Nathan didn’t have enough breath to answer, and luckily Lucy, Tommy, and Donie, supporting Dave, trooped into the room so that he didn’t have to. Dave’s face was creased with pain. And he was favoring his shattered arm as best he could, but at least he was standing.
Free and Lucy held their guns in a way that wasn’t necessarily threatening, but their fingers weren’t far away from the triggers. They had met situations which had gone south far too quickly for them to not be automatically on edge when entering a new domain. Especially one as odd as Caleb’s Bar.

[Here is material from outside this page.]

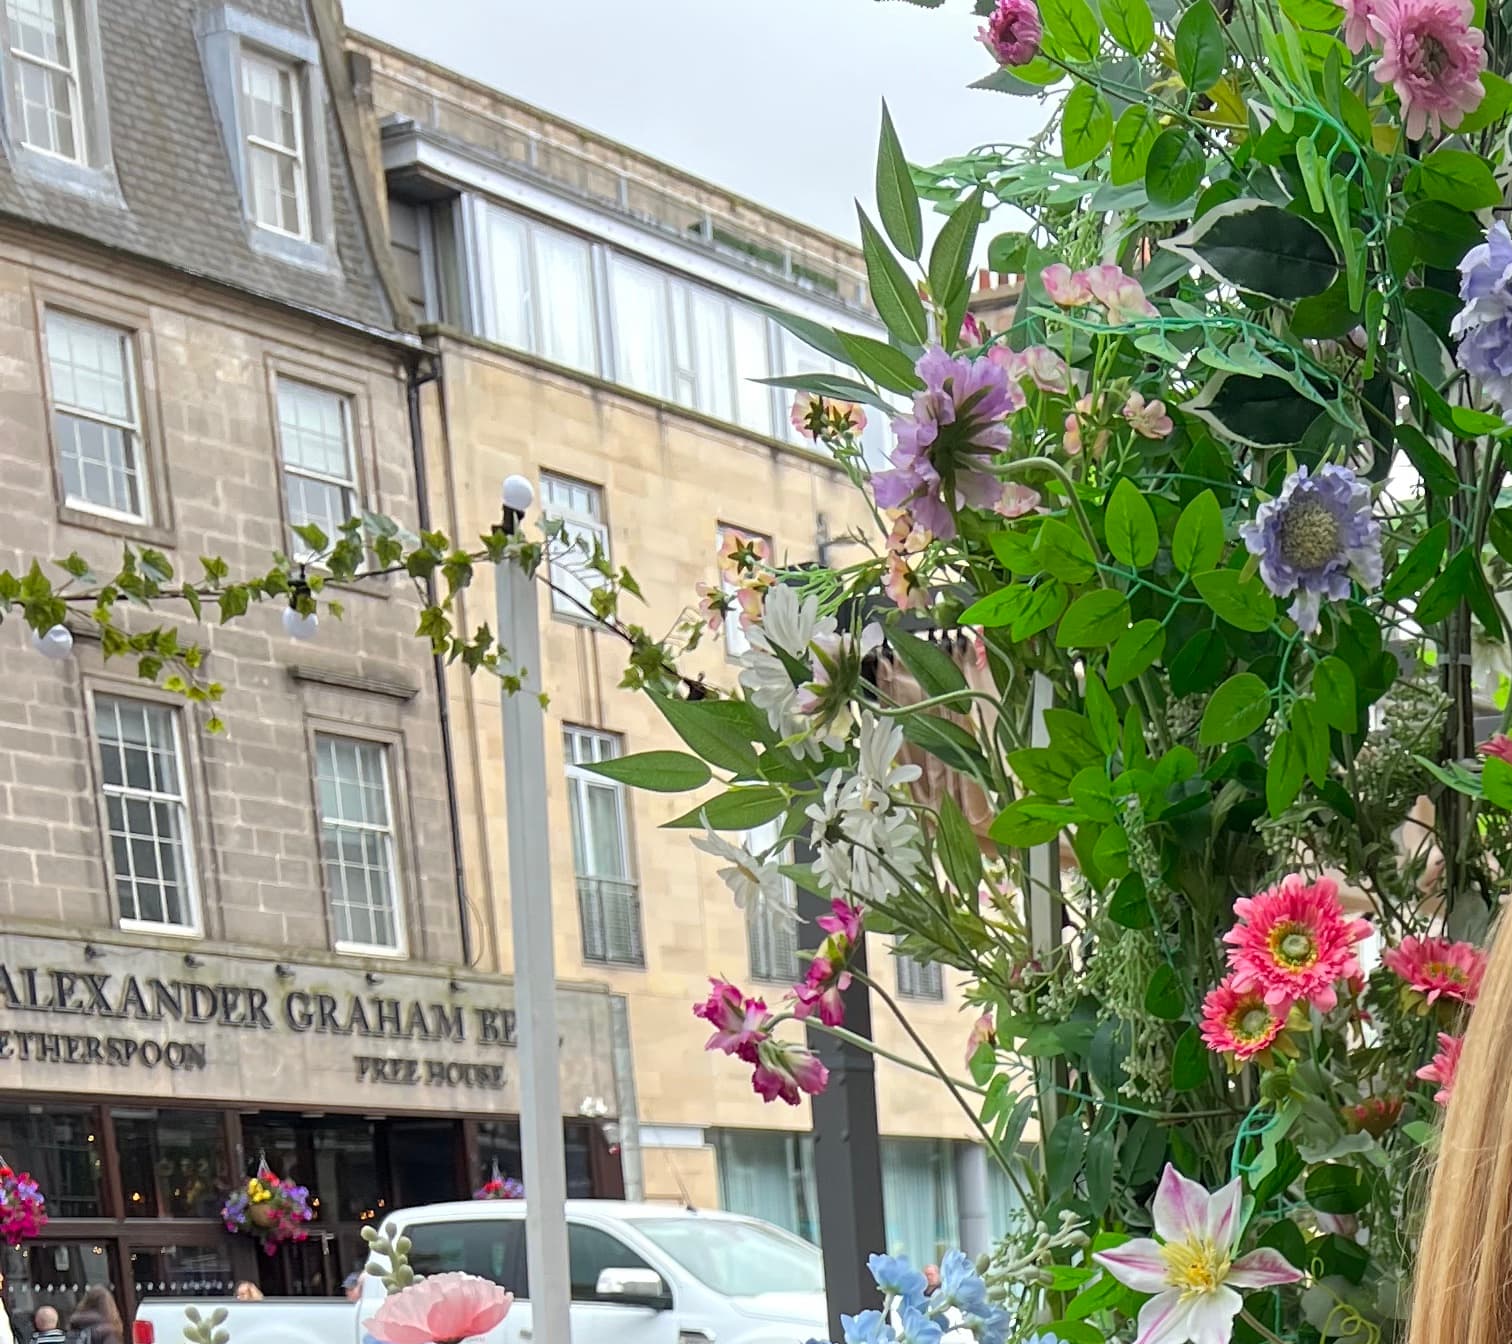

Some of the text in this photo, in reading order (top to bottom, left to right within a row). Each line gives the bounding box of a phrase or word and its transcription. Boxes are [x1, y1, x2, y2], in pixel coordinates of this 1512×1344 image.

[0, 963, 273, 1030] ALEXANDER
[284, 991, 466, 1043] GRAHAM
[353, 1056, 507, 1091] FREE HOUSE

Free looked around with some astonishment, and Lucy’s greedy eyes took in all of the enhancements that had been made to the place, nodding with approval. “Nice place you have here, Caleb,” she said as her eyes came back around to the white-coated, dapper little man. “Now, what can you offer a nice girl in a place like this?”
But Caleb had already zeroed in on Dave and come forward to meet him. Dave looked like he would fall down if Tommy and Donie didn’t keep holding him up, and so Caleb settled Dave down on a bench on the opposite side from where Nathan was sitting. Then he peered at the bloody bandage Lucy had fashioned for the wound.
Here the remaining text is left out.